Plaintiff states in his complaint that his "past complaints concerning other issues have been unanswered." (Complaint, p. 4). True, if prison officials fail to respond to grievances, then no administrative remedies are available to exhaust. Lewis v. Washington, 300 F.3d 829, 833 (7th Cir. 2002)(administrative remedies are exhausted if prison officials fail to respond to grievances). However, failure to respond to grievances about other issues would not relieve Plaintiff from his obligation to attempt to follow the grievance procedures on this issue. Accordingly, even if Plaintiff did state a federal claim, his case would be dismissed, without prejudice, for failure to exhaust administrative remedies.


1) The merit review scheduled for February 8, 2012, is cancelled. The clerk is directed to notify the Jail of the cancellation.

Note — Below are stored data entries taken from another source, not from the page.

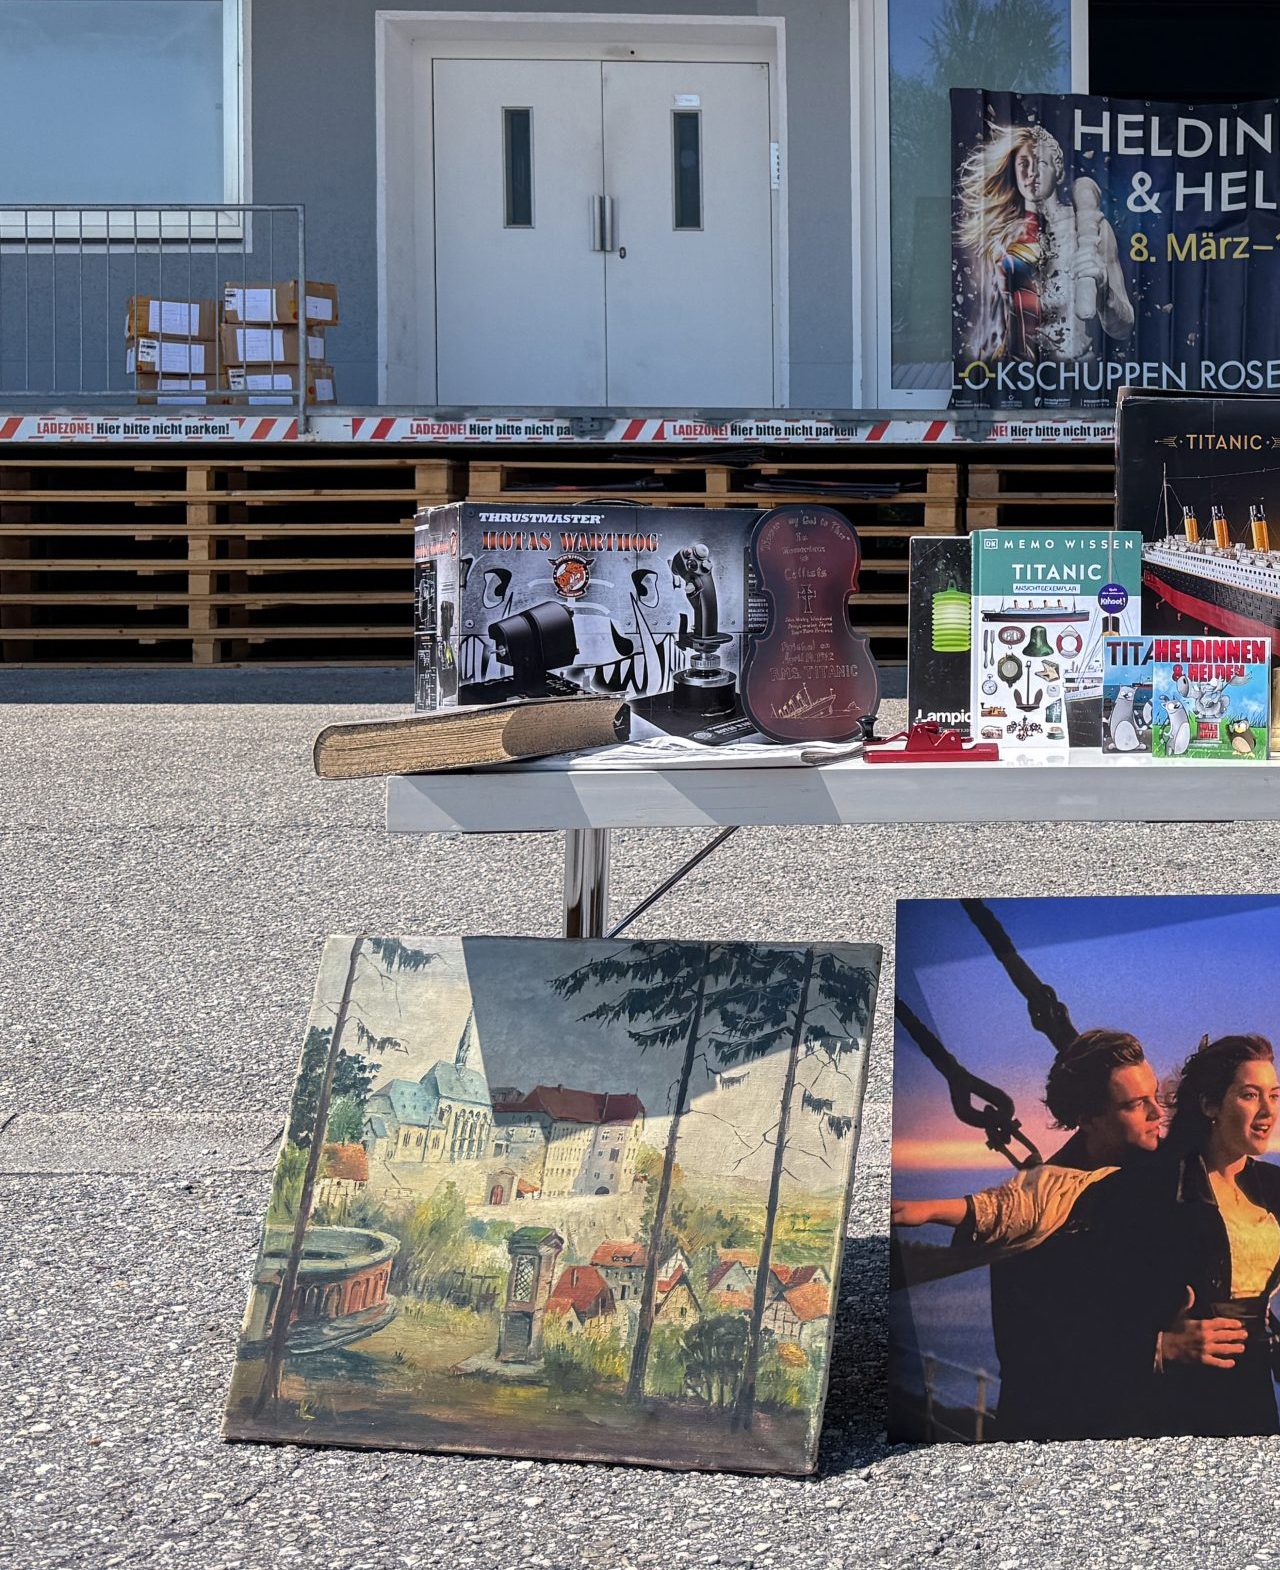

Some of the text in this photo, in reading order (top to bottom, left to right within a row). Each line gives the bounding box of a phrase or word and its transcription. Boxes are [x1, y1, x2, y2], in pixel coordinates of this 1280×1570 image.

[1126, 171, 1162, 214] &
[1130, 233, 1156, 262] 8.
[951, 360, 1186, 391] LOKSCHUPPEN
[37, 423, 229, 436] LADEZONE! Hier bitte nicht parken!
[410, 424, 466, 435] LADEZONE!
[469, 424, 493, 435] Hier
[496, 424, 522, 435] bitte
[525, 424, 555, 435] nicht
[673, 424, 728, 436] LADEZONE!
[730, 424, 753, 436] Hier
[756, 424, 781, 436] bitte
[784, 424, 813, 436] nicht
[1011, 425, 1033, 437] Hier
[1035, 425, 1061, 437] bitte
[1063, 425, 1090, 437] nicht
[1186, 434, 1262, 451] TITANIC
[479, 513, 603, 524] THRUSTMASTER
[482, 531, 659, 552] HOTAS WARTHOG
[985, 540, 1133, 549] DK MEMO WISSEN
[1012, 564, 1102, 580] TITANIC
[1154, 639, 1266, 664] HELDINNEN

2) Plaintiff's motion to file an amended complaint is granted (d/e 4). Plaintiff's amended complaint is dismissed for failure to state a federal claim pursuant to 28 U.S.C. § 1915A. This case is closed.

3) This dismissal shall count as one of the plaintiff's three allotted "strikes" pursuant to 28 U.S.C. Section 1915(g).*fn2 The Clerk of the Court is directed to record Plaintiff's strike in the three-strike log.

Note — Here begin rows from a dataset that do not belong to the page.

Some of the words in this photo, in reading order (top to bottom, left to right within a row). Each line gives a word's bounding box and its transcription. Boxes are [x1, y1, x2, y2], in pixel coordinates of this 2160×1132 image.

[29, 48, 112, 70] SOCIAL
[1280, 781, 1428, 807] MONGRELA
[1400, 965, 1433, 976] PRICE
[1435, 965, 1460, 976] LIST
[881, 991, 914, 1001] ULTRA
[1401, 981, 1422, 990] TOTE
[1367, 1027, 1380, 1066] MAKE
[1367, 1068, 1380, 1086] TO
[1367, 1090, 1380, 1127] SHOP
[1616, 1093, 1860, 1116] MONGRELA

3) Plaintiff must still pay the full docketing fee of $350 even though his case has been dismissed. The agency having custody of Plaintiff shall continue to make monthly payments to the Clerk of Court, as directed in the Court's order of January 25, 2012.

4) If Plaintiff wishes to appeal this dismissal, he must file a notice of appeal with this Court within 30 days of the entry of judgment. Fed. R. App. P. 4(a). A motion for leave to appeal in forma pauperis should set forth the issues Plaintiff plans to present on appeal. See Fed. R. App. P. 24(a)(1)(C). If Plaintiff does choose to appeal, he will be liable for the $455 appellate filing fee irrespective of the outcome of the appeal. Plaintiff may also be assessed a "strike" by the Court of Appeals if his appeal is dismissed for one of the reasons stated in § 1915(g).